Publicada

La consellera de Educació de la Generalitat, Esther Niubó, ha asegurado que el Govern tiene la voluntad de diálogo y de trabajar para seguir avanzando con Ustec y la CGT, los sindicatos impulsores de la huelga del 8 de septiembre, el primer día de curso, y les ha pedido "cambiar el tono".

Niubó ha explicado que en la reunión de esta semana, no sólo había sindicatos con representación en la mesa, había otros sindicatos y miembros de la asamblea docente, por lo que "negociar, desde el punto de vista tradicional, se hace muy complejo".

El presupuesto de Educació ha subido un 25%, ha recordado en una entrevista en La Vanguardia, aunque ha convenido que, si se quiere más excelencia y equidad, habrá que aumentarlo, y ha abogado por hacer balance del decreto de la inclusiva, que cumplirá diez años, para consensuar su futuro.
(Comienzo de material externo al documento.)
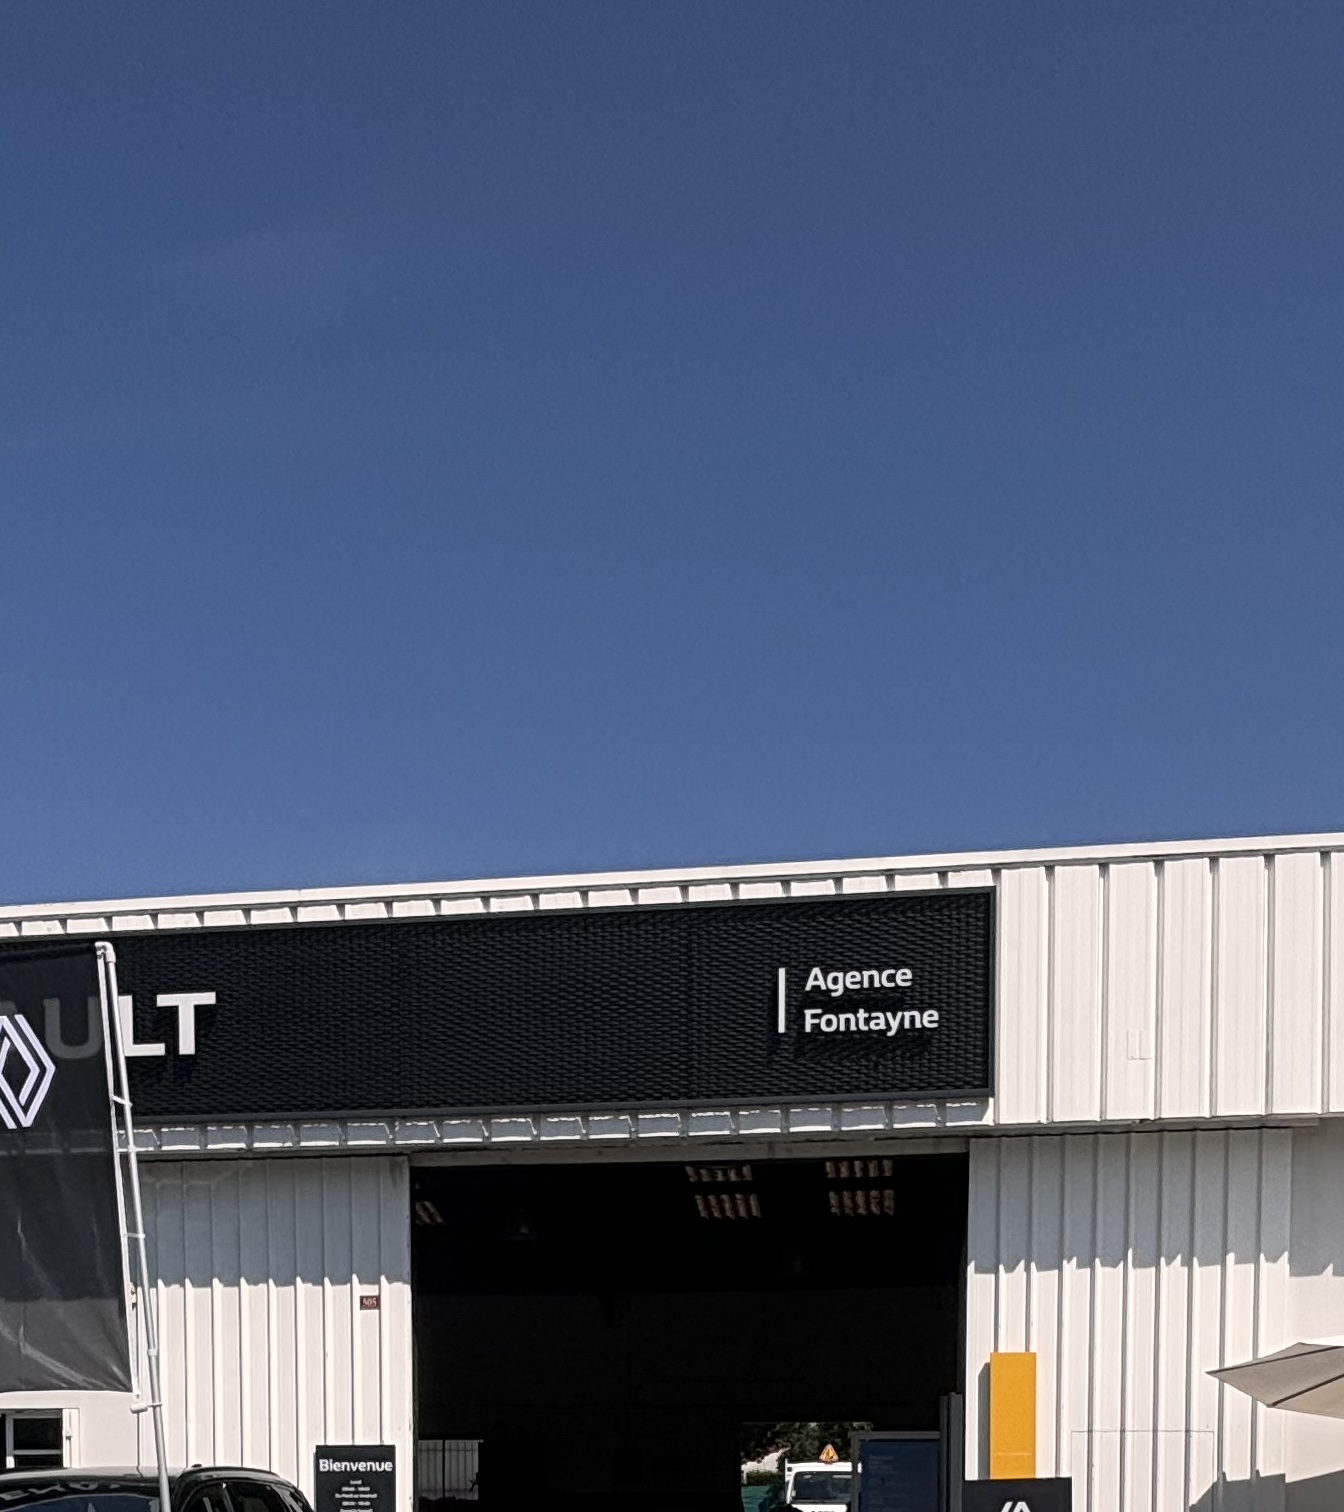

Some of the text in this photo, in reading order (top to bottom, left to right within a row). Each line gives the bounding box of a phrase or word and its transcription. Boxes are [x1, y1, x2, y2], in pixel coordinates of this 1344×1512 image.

En este sentido, ha dicho que el sistema debe funcionar dando las máximas oportunidades de progreso para todos, lo que requiere un diálogo con la comunidad y con otras áreas, como las de salud y derechos sociales, así como escuchar la voz de las familias que, a su juicio, "se ha tenido poco en cuenta".

Error en PISA

Preguntada también por los errores de gestión de las pruebas PISA, Niubó ha afirmado que hubo un problema de falta de información precisa y de acompañamiento, y ha negado sentirse traicionada, pero sí ha admitido "un punto de decepción" con el sistema.

Sobre sus objetivos del curso, ha asgurado que le gustaría reducir la tasa de abandono y mejorar el éxito educativo, además de lograr "buenas condiciones" para los docentes en el aula para que recuperen el orgullo por su trabajo, y que mejore el clima laboral.